1. The Management of Nagaon Paper Mills of Hindustan Paper g Corporation Ltd. filed an application under Section 33(2)(b) of the Industrial Disputes Act, 1947, (in short ‘the Act’) before the Industrial Tribunal, Assam at Guwahati seeking approval of their action of removal of the respondent-workman from the service vide Order dated 17.10.1995/ 4.11.1995 issued by the Deputy Manager (P and A), which was registered as Case No. 12/95, wherein the respondent-workman on receipt of notice filed his objection. The learned Tribunal upon appreciation of the evidences on record, both oral and documentary, rejected the application filed by the Management seeking approval of their action, vide Order dated 11.8.1998. Being aggrieved, the Management filed a writ petition being Civil Rule No. 5456 of 1998, which was dismissed by the learned a Single Judge vide judgment and Order dated 26.3.2002 and hence the present appeal by the Management.

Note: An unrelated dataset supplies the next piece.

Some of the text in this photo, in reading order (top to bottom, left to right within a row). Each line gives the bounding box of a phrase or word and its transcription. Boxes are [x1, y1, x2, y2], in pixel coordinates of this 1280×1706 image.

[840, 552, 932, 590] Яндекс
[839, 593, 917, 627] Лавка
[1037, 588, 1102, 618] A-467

2. The facts in brief, necessary for deciding the appeal is as follows:

A charge sheet dated 26.5.1993 was issued by the Management to the respondent-workman levelling the following charges :

Clause 28(10): Habitual late attendance and or habitual absence from duty without leave or without sufficient cause.

Clause 28(52): Commission of any act subversive of discipline or good behaviour or acting or behaving in a manner prejudicial to the interest or reputation of the Company.

The workman submitted his written explanation on 10.6.1993 stating, inter alia, that he stayed away from duty on some occasions under certain compelling circumstances as he has to look after his family consisting of five little children, for which period he was not paid any wages and he has not committed any act which would amount to misconduct and habitual absence from duty without any leave or without sufficient cause. The Management being not satisfied with the written explanation decided to hold the domestic inquiry to inquire into the charges levelled against the workman and, therefore, appointed Sri. D.K. Barthakur, Designed Asstt. Manager (Admn.) as Inquiry Officer, which was intimated by the Management to the workman vide communication dated 25.6.1993. Accordingly the notice of inquiry was given by the Inquiry Officer wherein .the workman participated. The Inquiry Officer thereafter on 5.11.1993 submitted his report by holding that the workman was guilty of misconduct in terms of Sections 28(10) and 28(52) of the certified standing orders of the corporation as he has admitted the charge of his habitual unauthorized absence from duty by making statement dated 16.10.1993, i.e., the date fixed for holding the inquiry. The Management on 15.5.1995 gave an opportunity to a the workman to submit his comment within seven days, from the date of receipt of the said letter, against the proposed penalty enclosing therewith the copy of the inquiry report. The workman thereafter submitted his comments on 18.8.1995 stating that he has explained everything regarding his absence from duty during the course of inquiry and has prayed for dropping the charges levelled against him. The Management upon consideration of records issued the Order of removal from service dated 17.10.1995/4.11.1995 enclosing therewith two demand drafts dated 25.9.1995 and 1.11.1995 for Rs. 3285.02 and Rs. 92 respectively, totalling Rs. 3375.02, drawn on the State Bank of India, Jagiroad representing one month’s salary/wages. Since an industrial dispute being reference No. 6 of 1992 was pending before the learned Industrial Tribunal, Guwahati, the Management on 14.11.1995 filed an application dated 11.11.1995 under Section 33(2)(b) of the Act seeking approval of removal from service of the workman, which was registered on 16.11.1995.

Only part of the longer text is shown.